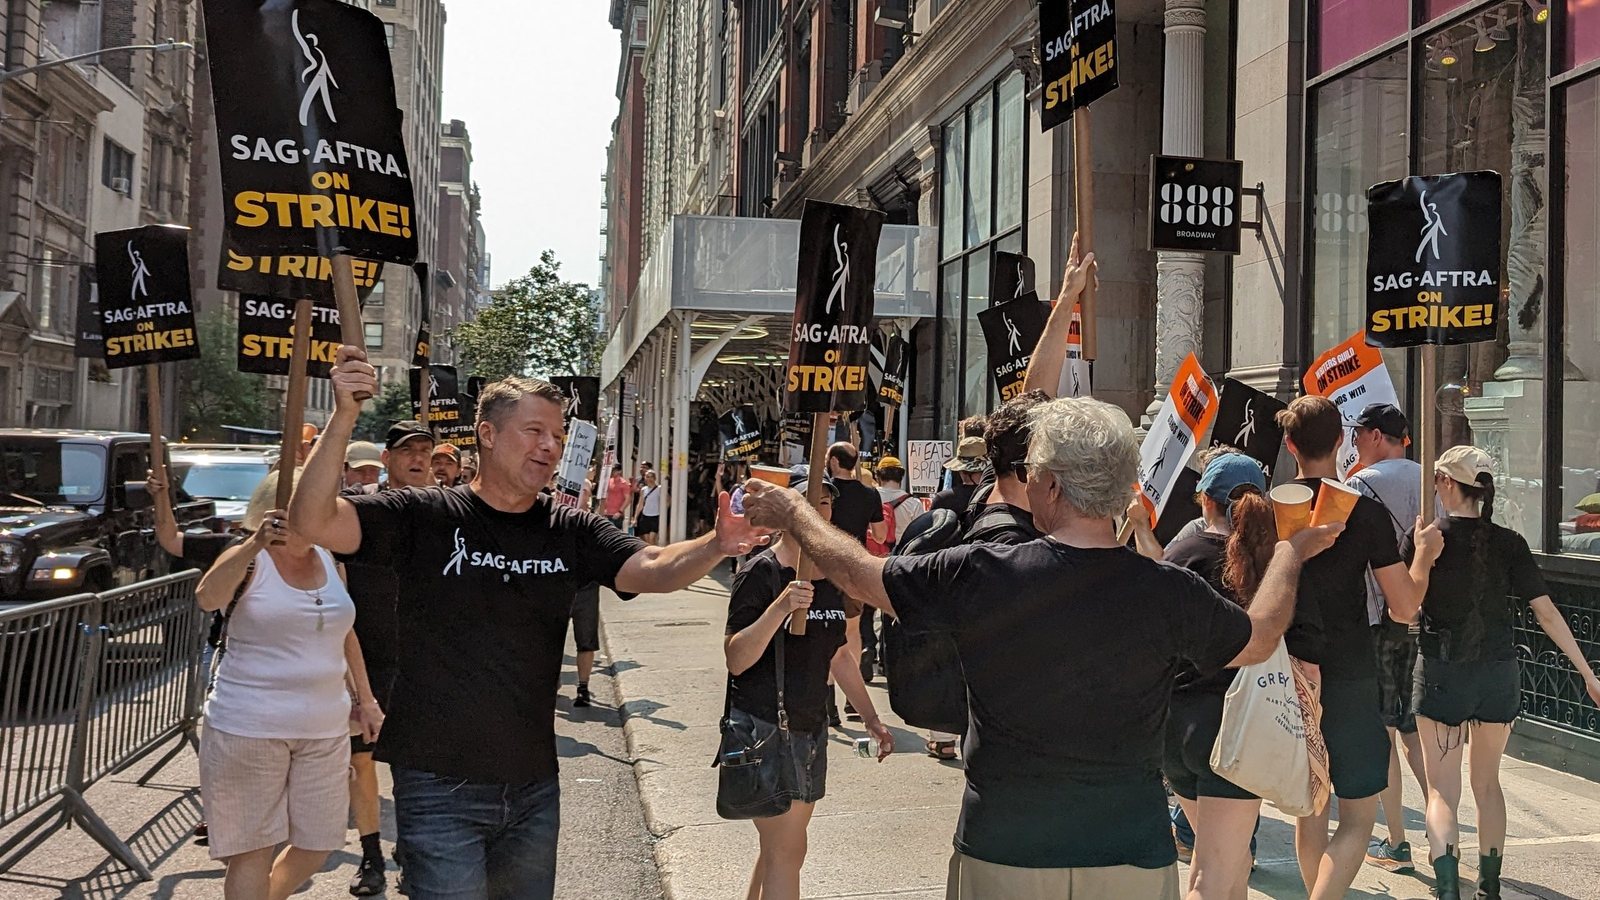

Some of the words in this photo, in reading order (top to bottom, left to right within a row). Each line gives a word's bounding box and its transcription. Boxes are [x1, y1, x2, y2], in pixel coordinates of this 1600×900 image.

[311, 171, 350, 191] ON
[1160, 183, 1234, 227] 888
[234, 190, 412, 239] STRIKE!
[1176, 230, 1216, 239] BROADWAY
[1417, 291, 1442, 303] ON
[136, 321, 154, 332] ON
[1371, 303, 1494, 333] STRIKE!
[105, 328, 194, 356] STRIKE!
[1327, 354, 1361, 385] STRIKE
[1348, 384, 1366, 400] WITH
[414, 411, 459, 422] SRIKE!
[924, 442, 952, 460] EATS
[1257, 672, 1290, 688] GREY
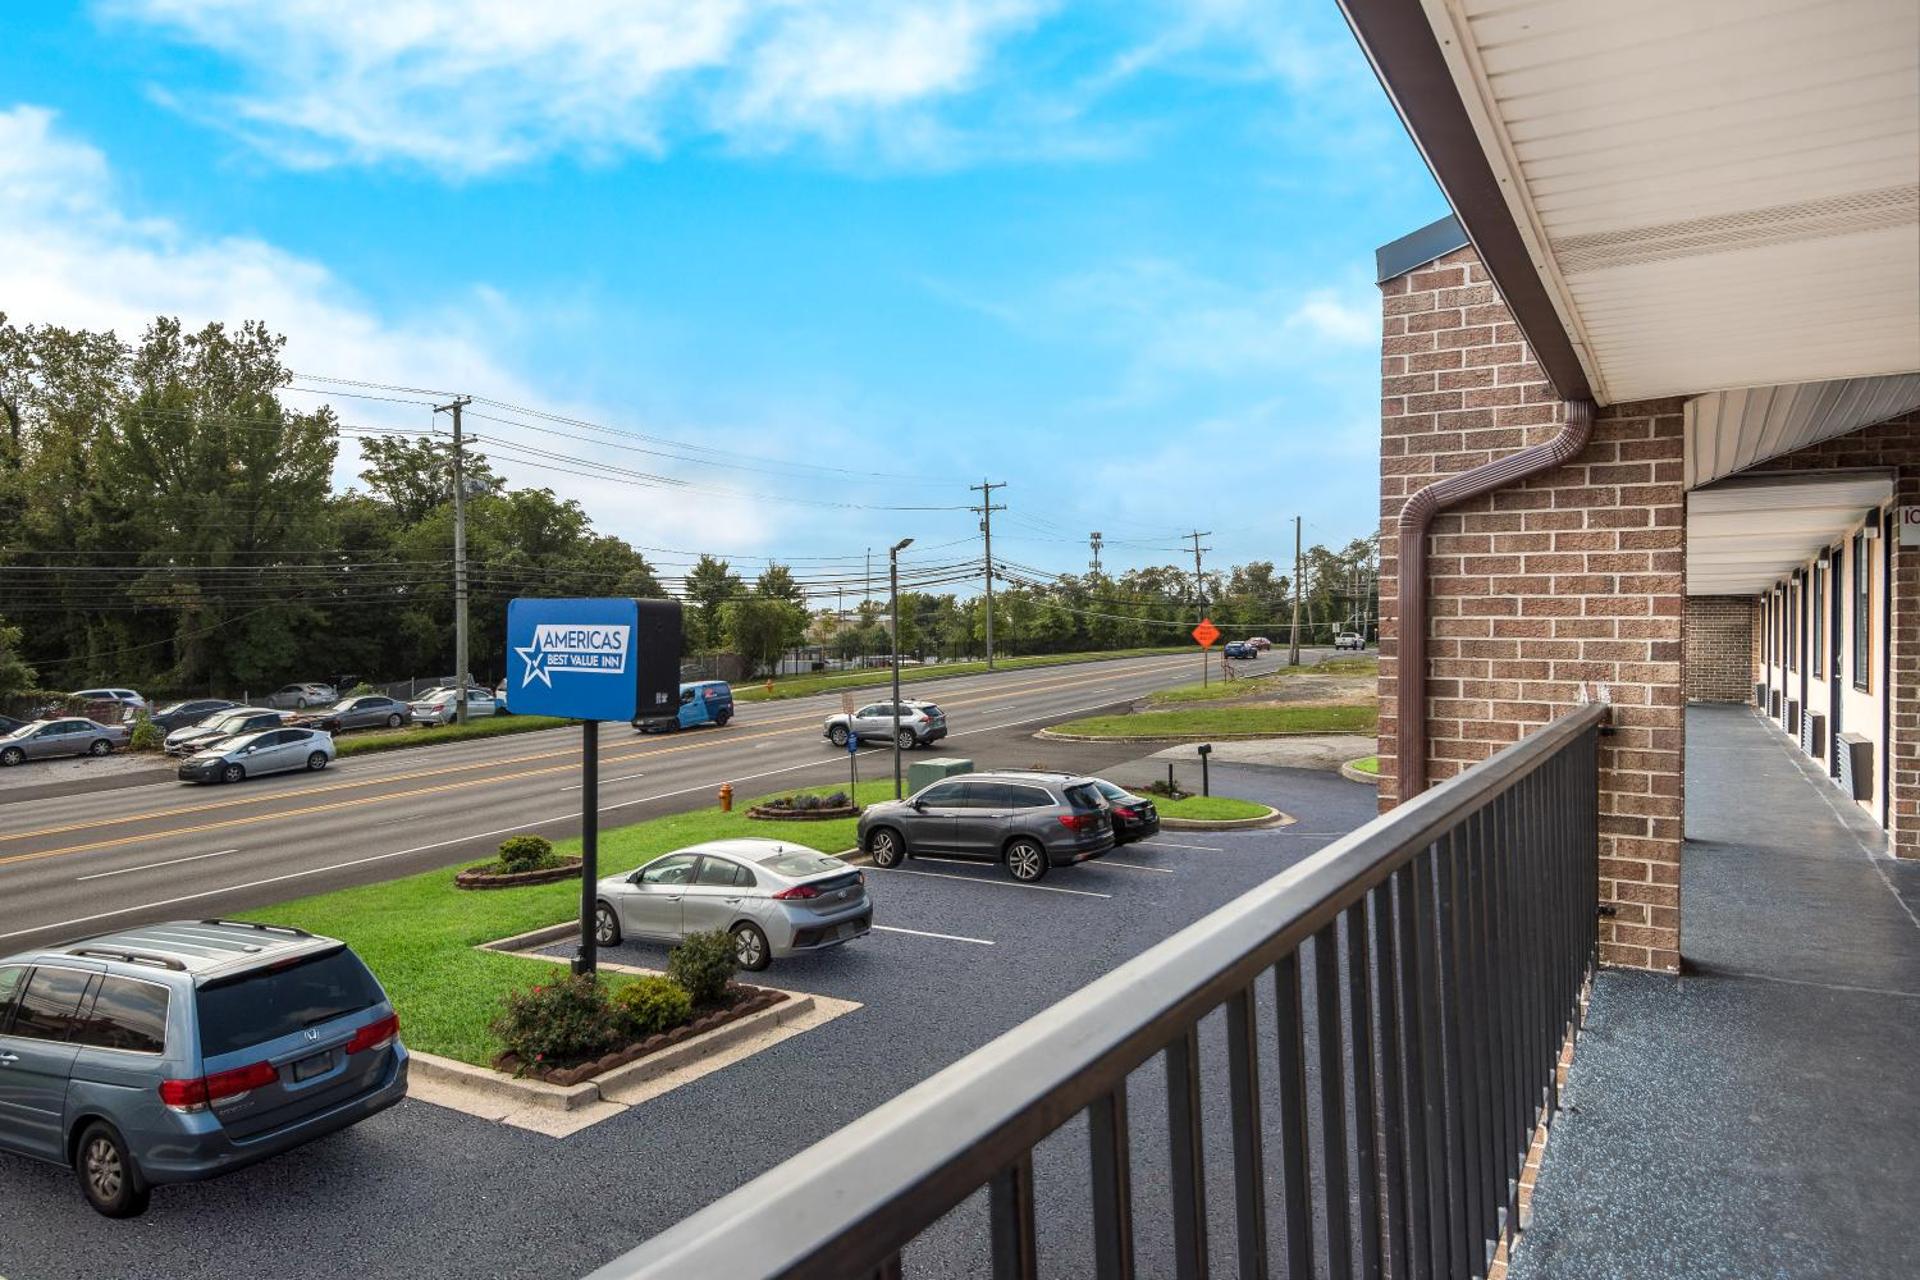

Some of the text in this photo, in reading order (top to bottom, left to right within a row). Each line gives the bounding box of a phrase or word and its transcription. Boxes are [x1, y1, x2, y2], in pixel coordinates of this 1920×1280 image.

━━━━━━

● Your assignment:
Output the complete listing exactly as it appears, except for the images.

● Response box:
Some of the words in this photo, in reading order (top to bottom, left to right within a row). Each line gives a word's bounding box and its transcription. Boxes are [x1, y1, x2, y2], in pixel coordinates of this 1600×900 image.

[311, 171, 350, 191] ON
[1160, 183, 1234, 227] 888
[234, 190, 412, 239] STRIKE!
[1176, 230, 1216, 239] BROADWAY
[1417, 291, 1442, 303] ON
[136, 321, 154, 332] ON
[1371, 303, 1494, 333] STRIKE!
[105, 328, 194, 356] STRIKE!
[1327, 354, 1361, 385] STRIKE
[1348, 384, 1366, 400] WITH
[414, 411, 459, 422] SRIKE!
[924, 442, 952, 460] EATS
[1257, 672, 1290, 688] GREY

Some of the text in this photo, in reading order (top to bottom, left to right within a row). Each line gives the bounding box of a phrase or word and its transcription. Boxes are [x1, y1, x2, y2], in pixel coordinates of this 1920×1280 image.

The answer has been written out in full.